Um sentimento estranho tem me feito companhia, uma companhia silenciosa e cortante, como uma navalha afiada. Um sentimento que é múltiplo e infindável e que jorra da mesma fonte. Um sentimento aprendido e ensinado.

E na estranheza do sentimento é que os passos foram trocados, as palavras “mal-ditas”, e na canção desentoada o par foi perdido, e no mesmo salão a música já não toca mais, mas permanece viva no silêncio que anuncia.

E o estranho sentimento me fez mulher, me mostrou faltante e me fez desejar, me permitiu sonhar com as estórias dos folhetins. O estranho sentimento me ofereceu mãos fortes que me protegeram, um olhar doce e palavras de carinho. O estranho sentimento ganhou corpo, ganhou forma, ganhou vida e alimentou a minha e se fez ausência. Ausência que tem cheiro de saudade, como o perfume bom que não sai da roupa.

O sentimento estranho chegou acompanhado, anunciado pela linda voz e pelo desejo despertado, a voz que já não se ouve, o desejo que tenta ser silenciado, mas o estranho sentimento, a espera do reencontro, espera ao meu lado.

Viva la Vida



É sempre hora de celebrar, celebra-se os nascimentos, os casamentos, celebra-se para não esquecer que está vivo, a vida arrisca-se a ficar esquecida em meio a figuras cotidianescas, então chega-se a hora de parar o constante movimento das coisas para olhar, para esta menina ou senhora, chamada Vida , e referenciá-la.

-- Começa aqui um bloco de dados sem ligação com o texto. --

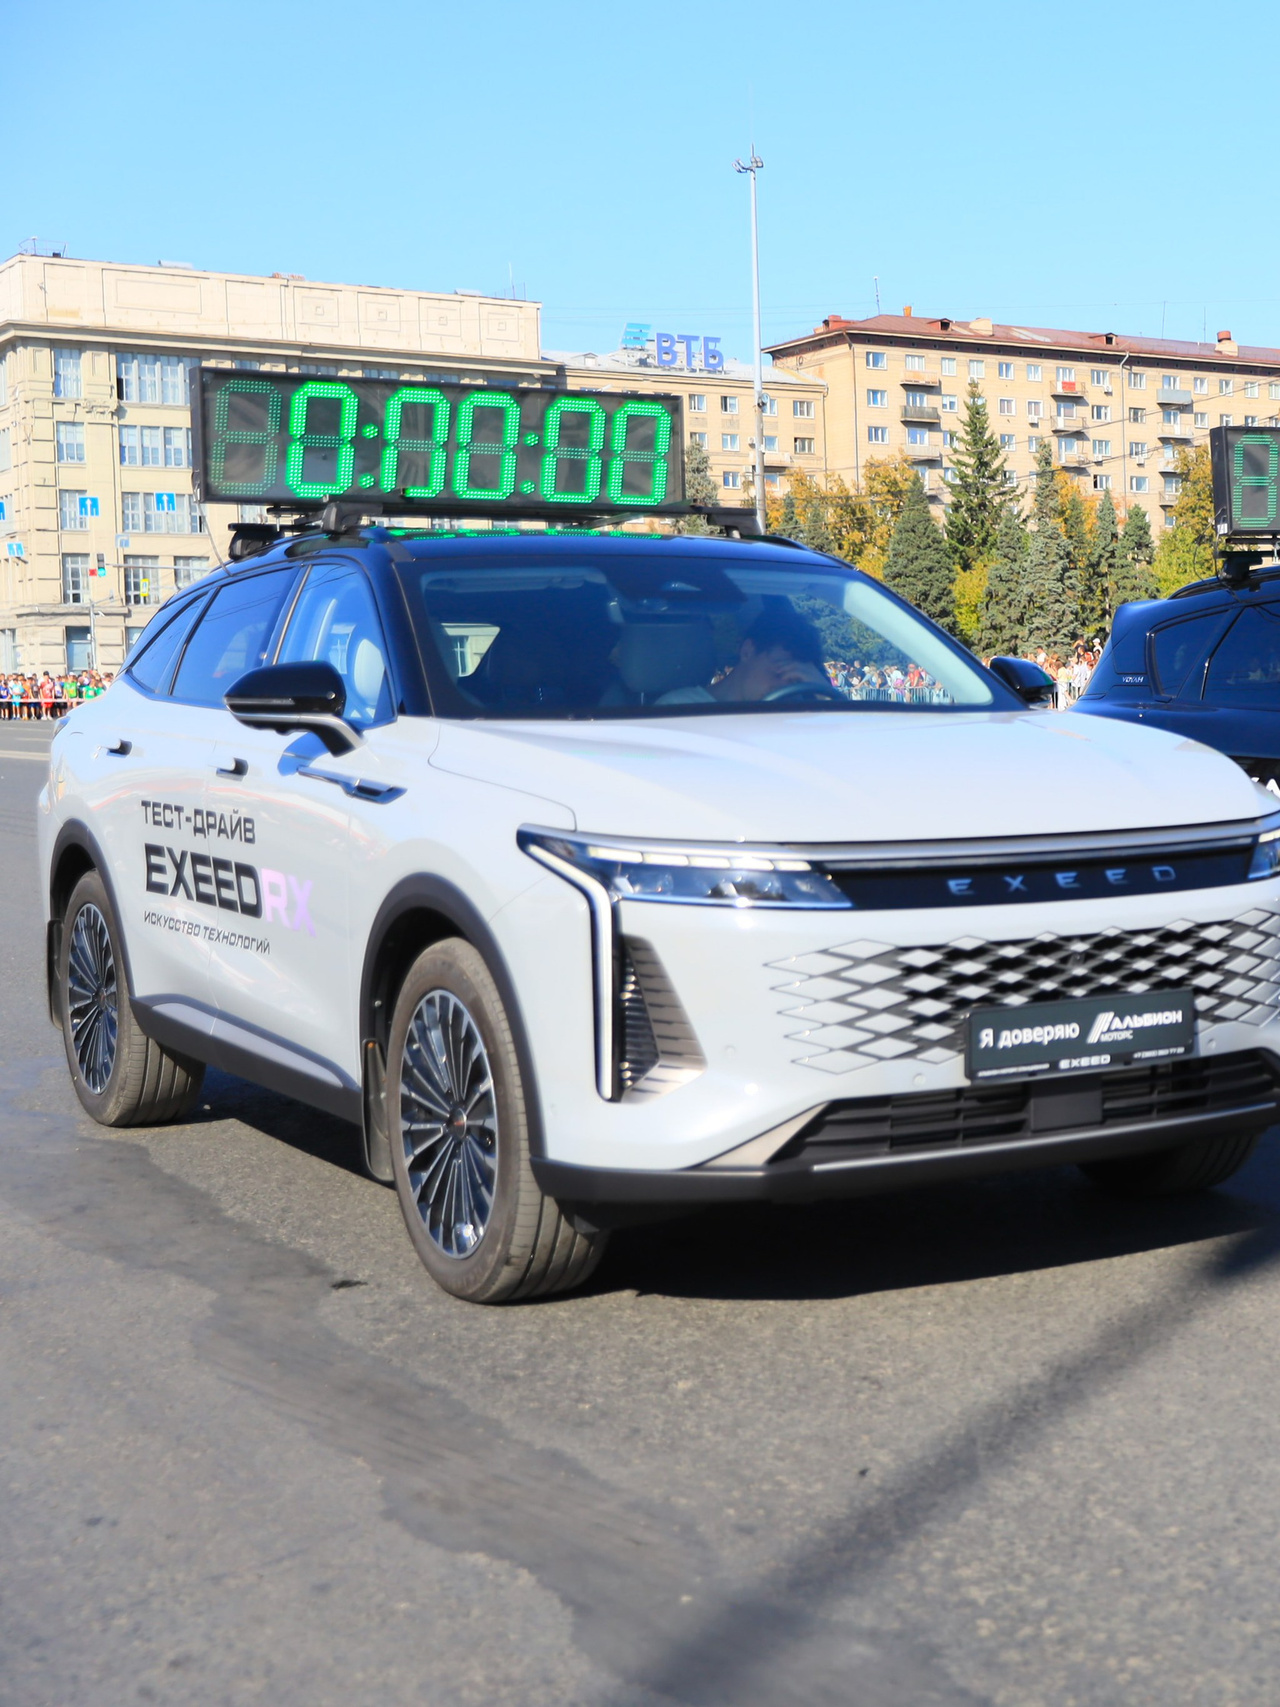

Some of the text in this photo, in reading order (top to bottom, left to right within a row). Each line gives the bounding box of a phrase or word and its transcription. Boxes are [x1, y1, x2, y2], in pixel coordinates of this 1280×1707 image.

Ás vezes cuidada como uma princesa, é dirigido-lhe todo cuidado e zelo, ora torna-se plebéia nas mãos de quem não sabe o que fazer com ela.

Ontem estive em um velório, confesso que estava resistente, trago isso comigo, desde muito pequena, quando minha avó me levava contrariada a todos os velórios da cidade e , ontem me surpreendi com o que vi, percebi que as pessoas necessitam enterrar seus mortos para descobrirem que ainda estão vivas, e um gozo silencioso mantem se vivo no olhar de cada alma caridosa que permanece velando o pobre defundo, o gozo de não serem elas o corpo velado.

Em pé a olhar para o defunto, um velho que vivia sozinho, uma lágrima escorreu, não chorava por ele, este soube viver a vida, chorava por mim, me vi deitado na urna fria, eu que morria todos os dias, eu que matava os meius sonhos todos os dias, mas ainda me restava um pouco de vida, como em um tanque reserva, podia fazer diferente.

Ontem enterrei uma parte de mim, a pior, a que era desacreditada, a que não desejava nada. Agora preciso visitar a sobrinha que acabara de nascer, algo em mim também quer e precisar nascer.

Saudade...



Preciso ficar sozinha, tem coisas que clamam por solidão, preciso olhar no espelho e só me ver e me ver só, sem que tenham outros olhares a me fitar, quero derramar as lágrimas sem ter medo que molhem o pé que atravessa meu quarto, quero comer biscoitos sem me preocupar com o barulho que incomoda a cadeira ao lado, quero andar sem roupa pela casa, quero gritar, quero falar palavrões sem temer a censura, quero me fingir de louca, de santa, quero aprender a ser eu. Quero errar e começar novamente sem que eu precise de nenhuma canção.... quero ser poesia!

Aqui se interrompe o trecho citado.